How one state plans to get round the federal government...
SOMETHING intriguing is going on in South Carolina. The Palmetto State may be about to put one over on the US federal government, writes Martin Hutchinson, contributing editor at Money Morning.
If it succeeds, the result could have a serious impact on every US manufacturing industry from cars to toilets.
It could even help balance state budgets.
I'm talking about South Carolina's Incandescent Light Bulb Freedom Act - a trivial-sounding piece of state legislation that could open a significant loophole for states that are desperate to create jobs and drum up revenue.
The Energy Independence and Security Act of 2007 - a predating piece of federal legislation - decreed that all incandescent bulbs be phased out by 2012, and permanently replaced by their fluorescent and halogen counterparts.
That's where the loophole comes in. You see, South Carolina's light bulb legislation would let the state continue to manufacture and sell incandescent bulbs - so long as they were made and sold exclusively in South Carolina.
While South Carolina's attempt to nullify a federal law smacks of an antebellum crisis, the move may well work. That's because, according to the Supreme Court's 1935 decision in the case of Schechter Poultry vs. United States, the federal government does not have the power to regulate commerce that is entirely conducted within a state.
So if South Carolina attempted to buy incandescent light bulbs from one of the country's leading manufacturers, it would be in trouble - since none of the major light bulb manufacturers are South Carolina companies.
But if South Carolina makes the bulbs itself, and offers them for sale only within the state, the Schechter decision would seem to apply - though subsequent Supreme Court decisions in the opposite direction make the question a close one.
Still, if successful, this would be a major coup for many US manufacturers, as it would set a significant precedent. Soon, any unpopular federal product regulations could potentially be nullified by a state that's seeking popular support.
One trivial example: The state of Pennsylvania, perhaps using facilities leased to it by The Hershey Co., could start making Kinder Eggs - the popular chocolate egg treats that have been banned in the United States. Many children like my son, who became devotees of Kinder Eggs while living in Europe, would surely boost the Pennsylvania state economy if the treats were available there.
And there are bigger examples.
Since the late 1990s, US consumers have been prevented from buying toilets that flush properly. That's because the 1992 Energy Policy Act mandated a maximum flush capacity of 1.6 gallons, which is inadequate for a truly proper flush job.
Nullifying this nonsense is the job of Wisconsin, home of Kohler Co.
Surely, Wisconsin Gov. Scott Walker would enjoy setting up a manufacturer of illegal, generously flushing toilets with the old 3.5-gallon capacity. In accordance with the law, those toilets would be sold only in Wisconsin. But that wouldn't stop desperate out-of-state customers from flooding into the Cheese State to acquire adequate sanitary facilities. The sales tax revenue alone would go a long way towards alleviating that state's budget woes.
Then there's the granddaddy of nullifications - the Corporate Average Fuel Economy (CAFE) standards. This legislation crippled the US automobile industry and led to the rise of the sports utility vehicle (which initially was exempted) by mandating tight-fuel-economy standards - rather than simply using the price mechanism to reduce gasoline consumption.
Those CAFE standards will be tightened in 2016, making things even more difficult for US auto manufacturers.
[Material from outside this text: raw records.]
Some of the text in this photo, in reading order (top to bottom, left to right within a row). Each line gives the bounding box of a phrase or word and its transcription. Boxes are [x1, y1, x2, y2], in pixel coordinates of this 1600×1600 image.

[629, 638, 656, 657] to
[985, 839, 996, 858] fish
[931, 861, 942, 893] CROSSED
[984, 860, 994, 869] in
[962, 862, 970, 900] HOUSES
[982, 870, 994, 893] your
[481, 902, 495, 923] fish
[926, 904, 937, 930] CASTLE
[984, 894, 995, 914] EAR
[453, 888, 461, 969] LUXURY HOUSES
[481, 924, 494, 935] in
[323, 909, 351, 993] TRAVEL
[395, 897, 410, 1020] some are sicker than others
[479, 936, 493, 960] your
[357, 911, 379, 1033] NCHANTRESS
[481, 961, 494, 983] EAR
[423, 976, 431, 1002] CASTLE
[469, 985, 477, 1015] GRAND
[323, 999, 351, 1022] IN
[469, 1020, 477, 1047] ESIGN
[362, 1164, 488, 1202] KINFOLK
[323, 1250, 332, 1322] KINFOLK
However, citing the South Carolina precedent, the state of Michigan could pose a potential solution. All the state would have to do is set up a manufacturing facility in a disused General Motors Co. plant and reproduce the big, gas-guzzling car US consumers have always dreamed about - the 1959 Cadillac Eldorado.
The point is that, while South Carolina's initiative may have all the familiar signs of a boondoggle, it differs in one vitally important respect: It is being driven by intense consumer demand to be rid of costly product regulations.
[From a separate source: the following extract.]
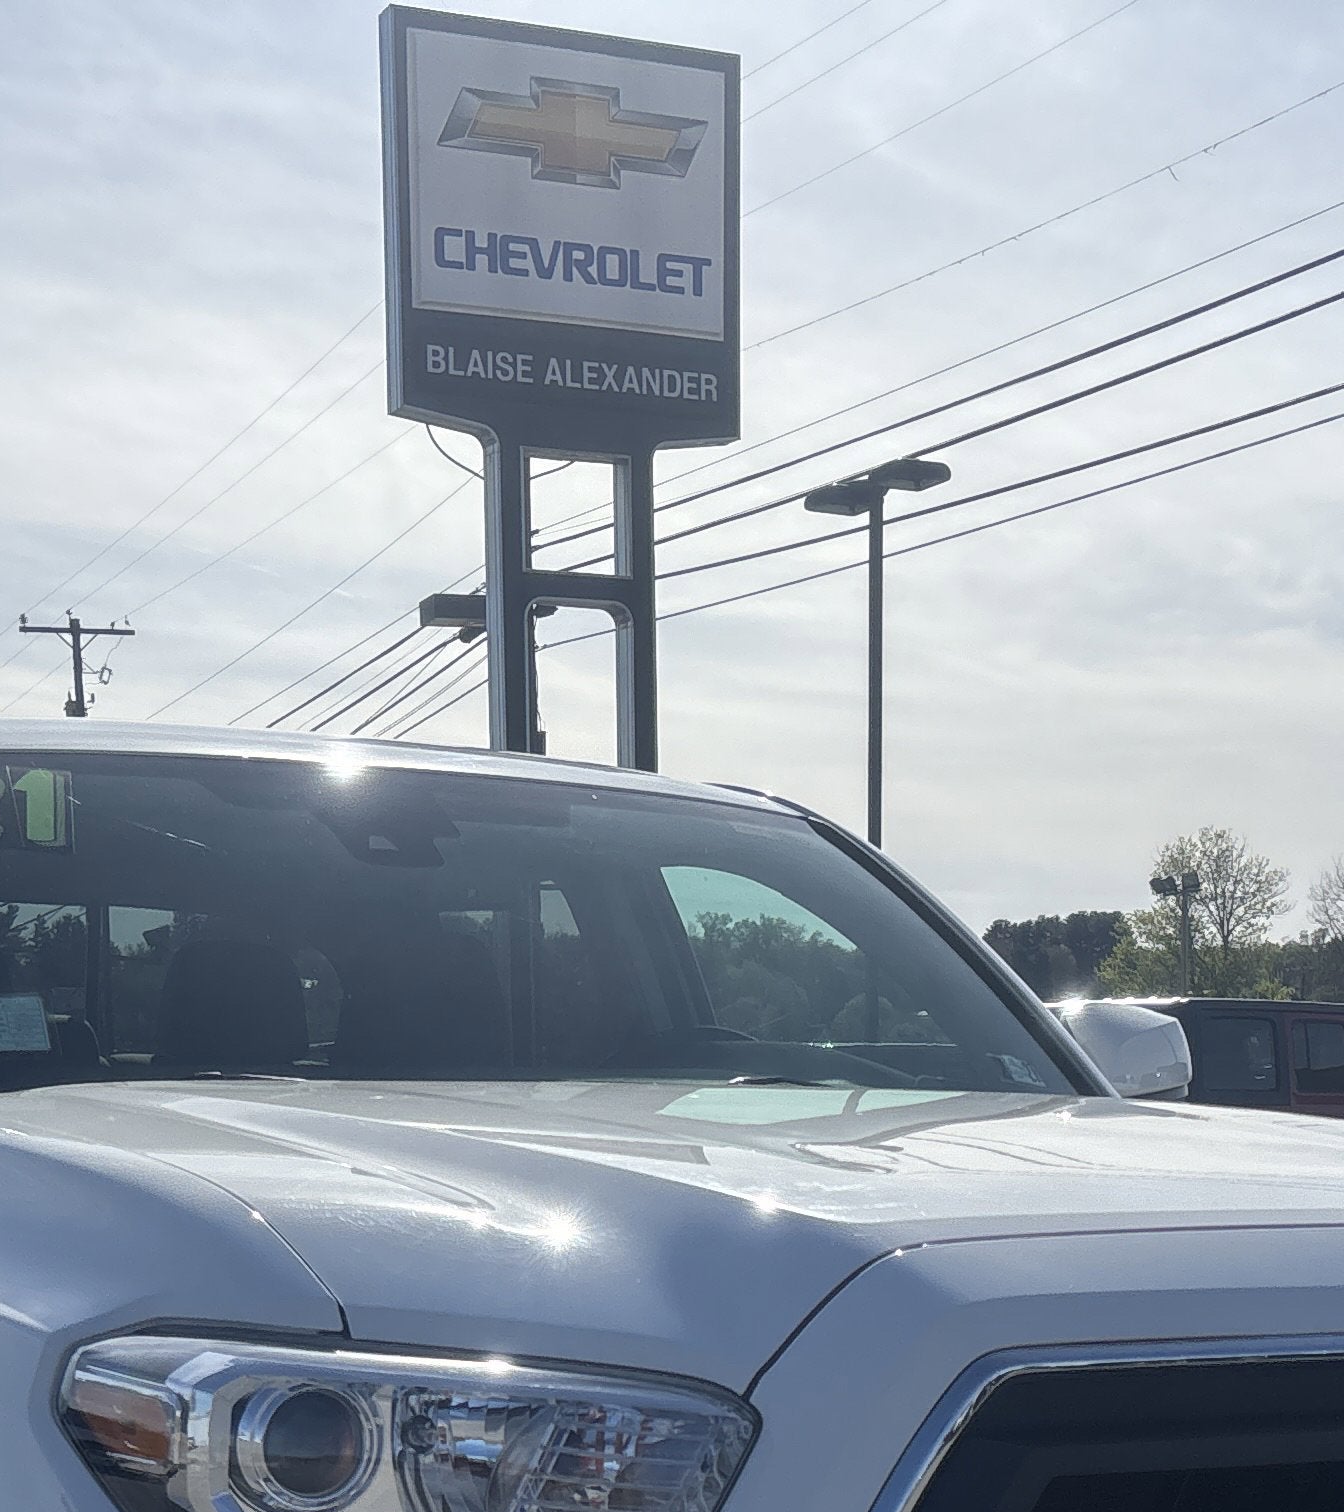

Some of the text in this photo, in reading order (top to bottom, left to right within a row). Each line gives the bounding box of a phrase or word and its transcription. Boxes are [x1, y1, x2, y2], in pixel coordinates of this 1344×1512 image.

[433, 226, 713, 298] CHEVROLET
[425, 343, 719, 403] BLAISE ALEXANDER
Remember, Congress banned the sale of incandescent light bulbs, saying the new wave light bulbs would be more efficient. In reality, they are more expensive, give off an unpleasant light, and contain significant quantities of toxic mercury.
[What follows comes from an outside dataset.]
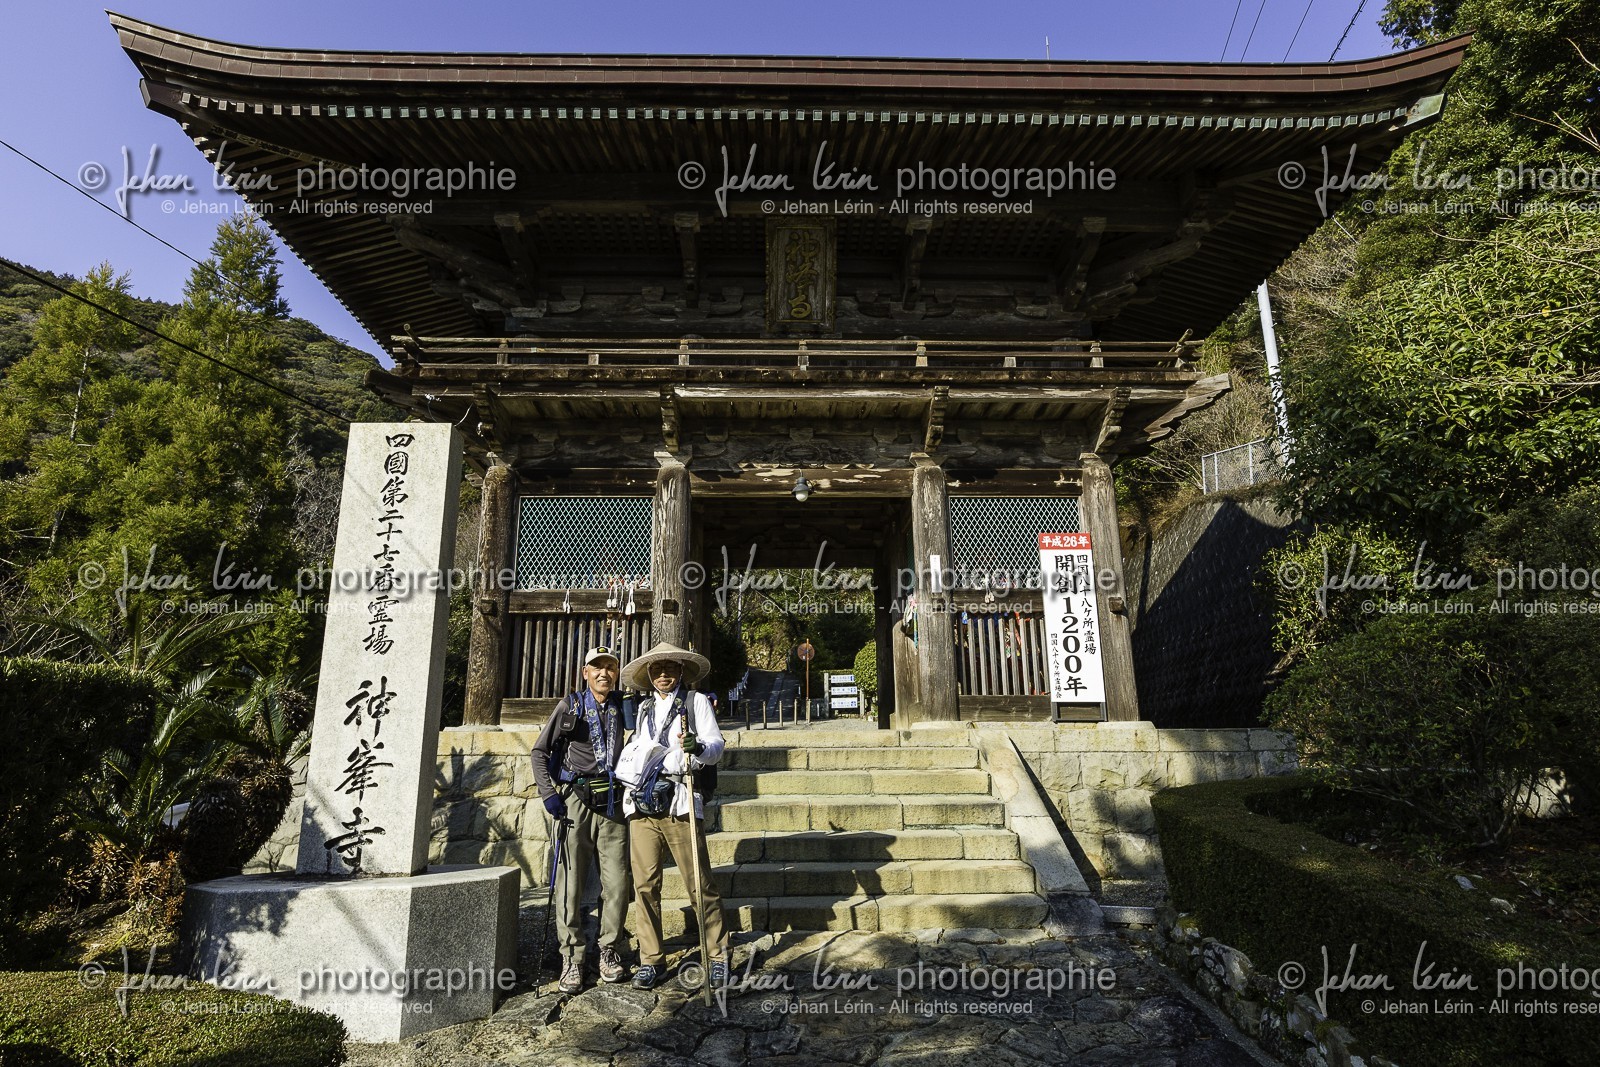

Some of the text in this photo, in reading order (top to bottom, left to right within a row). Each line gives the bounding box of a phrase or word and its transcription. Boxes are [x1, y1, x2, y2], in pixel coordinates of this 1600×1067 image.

[1041, 535, 1089, 548] 平成26年
[1054, 553, 1088, 697] 開創1200年
[324, 675, 398, 873] 神峯寺
So the populist South Carolina legislature is responding by trying to liberate its residents from an unpopular federal mandate.
South Carolina Rep. Bill Sandifer, a Republican and bill co-sponsor, said the "rights to have the kind of light bulbs we want and need are our rights. They are not given to the federal government."
And if manufacturing efficiencies are even close to optimal, the "Made in South Carolina" light-bulb initiative should be a glowing commercial success.
The only problem for investors is that there is no South Carolina light bulb company in which to invest.
Similarly, Kinder Eggs would be too small a business to make much difference to Hershey. Kohler has been privately held with no non-family shareholders since 1998.And General Motors is still government controlled and has too many other inefficiencies to properly benefit from a 1959 Caddy revival.